By Mike McPhee

The battle line was drawn Thursday over Gov. Bill Owens’ proposal to balance next year’s budget with tobacco money.

Owens, believing it risky to rely on future payments, wants to settle for an $800 million payoff, using $80 million to fix the budget and the rest for a “rainy day” fund.

But Thursday, Colorado Sen. Dave Owen, R-Greeley, the vice-chair of the Joint Budget Committee, said he doesn’t think the governor’s payoff proposal has enough support in the legislature to pass.

Colorado receives, on average, about $100 million a year from tobacco payments, which should last roughly another 21 years. The payments stem from the settlement of class-action lawsuits filed by states against tobacco companies over smoking-related health problems.

Thursday, anti-smoking and health advocates including the grandson of the founder of the R.J. Reynolds Tobacco Co. appealed to legislators to scrap Gov. Owens’ plan for a lump-sum payoff.
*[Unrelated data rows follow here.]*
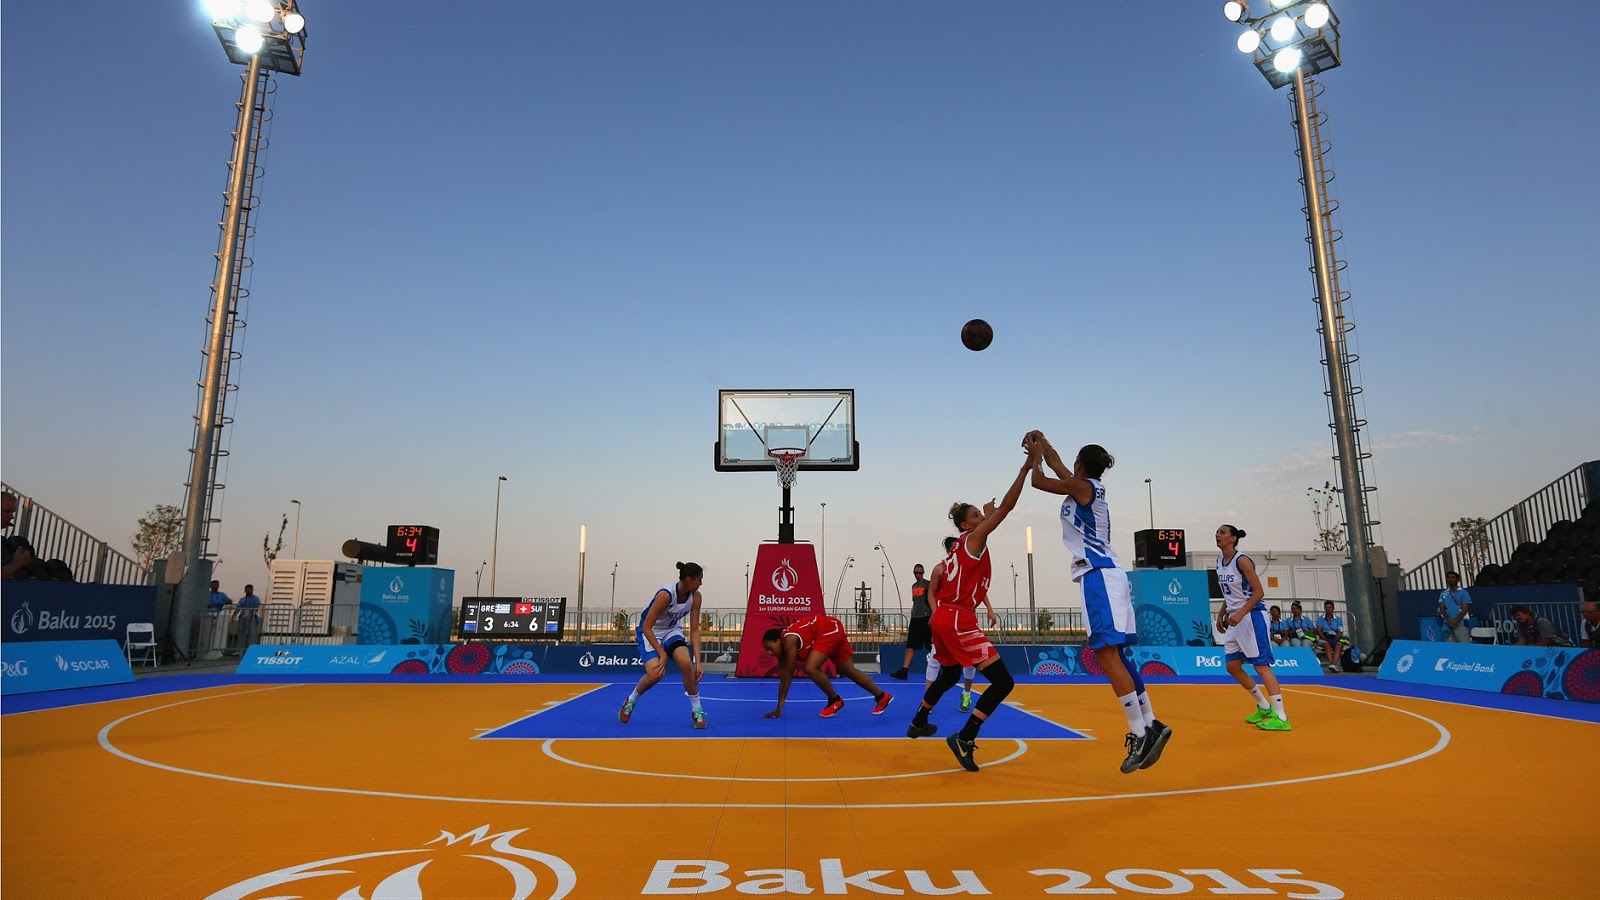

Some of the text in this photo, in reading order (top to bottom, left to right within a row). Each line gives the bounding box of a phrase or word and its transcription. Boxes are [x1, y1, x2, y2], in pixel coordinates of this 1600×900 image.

[397, 527, 422, 536] 6:34
[1158, 530, 1183, 540] 6:34
[406, 538, 418, 552] 4
[1168, 541, 1179, 556] 4
[758, 594, 811, 606] Baku 2015
[469, 608, 475, 616] 2
[481, 605, 495, 613] GRE
[531, 605, 542, 613] SUI
[37, 610, 116, 631] Baku 2015
[483, 617, 539, 632] 3 6:34 6
[71, 659, 110, 672] SOCAR
[257, 656, 303, 665] TISSOT
[329, 656, 360, 665] AZAL
[597, 656, 628, 666] Baku
[1196, 656, 1222, 667] P&G
[1446, 661, 1496, 673] Kapital Bank
[640, 858, 1345, 900] Baku 2015
Members of the Colorado Tobacco Education and Prevention Alliance argued that Gov. Owens’ plan will eliminate funding to a smoking-cessation plan run by the state health department.
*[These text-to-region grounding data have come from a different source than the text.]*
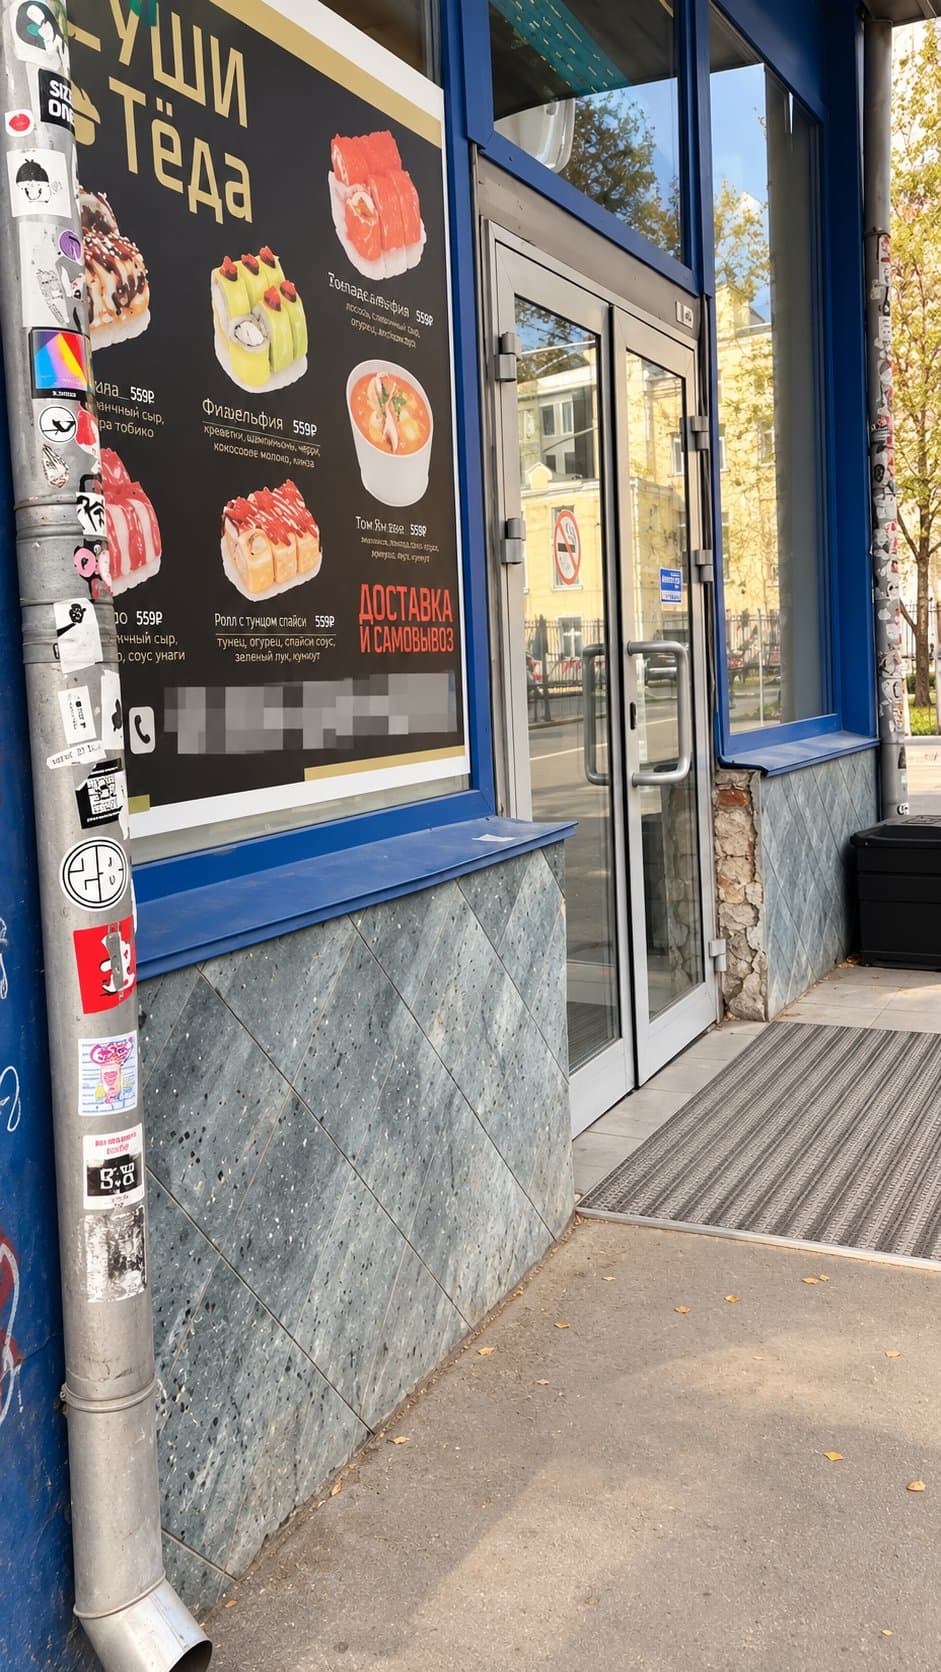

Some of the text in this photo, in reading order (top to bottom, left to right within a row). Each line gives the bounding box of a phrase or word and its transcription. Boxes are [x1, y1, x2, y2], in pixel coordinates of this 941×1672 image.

[48, 79, 73, 104] SIZ
[108, 76, 252, 224] Тёда
[99, 419, 154, 438] ра тобико
[355, 515, 373, 530] Том
[359, 583, 453, 625] ДОСТАВКА
[214, 612, 237, 627] Ролл
[239, 616, 245, 627] с
[245, 616, 278, 630] тунцом
[279, 614, 307, 628] спайси
[249, 638, 283, 650] огурец,
[373, 626, 454, 653] САМОВЫВОЗ
[128, 651, 153, 664] соус
[155, 651, 186, 664] унаги
“These (smoking-cessation) programs have had spectacular results,” said Patrick Reynolds, who chose to work full time against smoking after watching his father die of lung disease.

Sen. Owen said that if the governor’s plan passes, he doesn’t believe programs funded by the tobacco money would die.

“They won’t go away. They’ll find a way to be funded out of the $800 million, which will be spent faster than anyone thinks,” he said.

The cessation program this year received only $3.8 million, about half of what was paid out in fiscal year 2001-02.

Gov. Owens on Tuesday told the budget committee that all programs funded by tobacco money, including smoking-cessation programs, would be phased out within three years.

But Thursday, Owens changed his tune and said the smoking-cessation program would receive $13.5 million next year. However, no decision about its funding has been made beyond next year, he said.

In addition to using $80 million of the payout to help balance next year’s budget, Owens has proposed putting the remaining $720 million into a “rainy day” fund for emergencies. Members of the JBC said they doubted that fund would last more than a few years before being spent.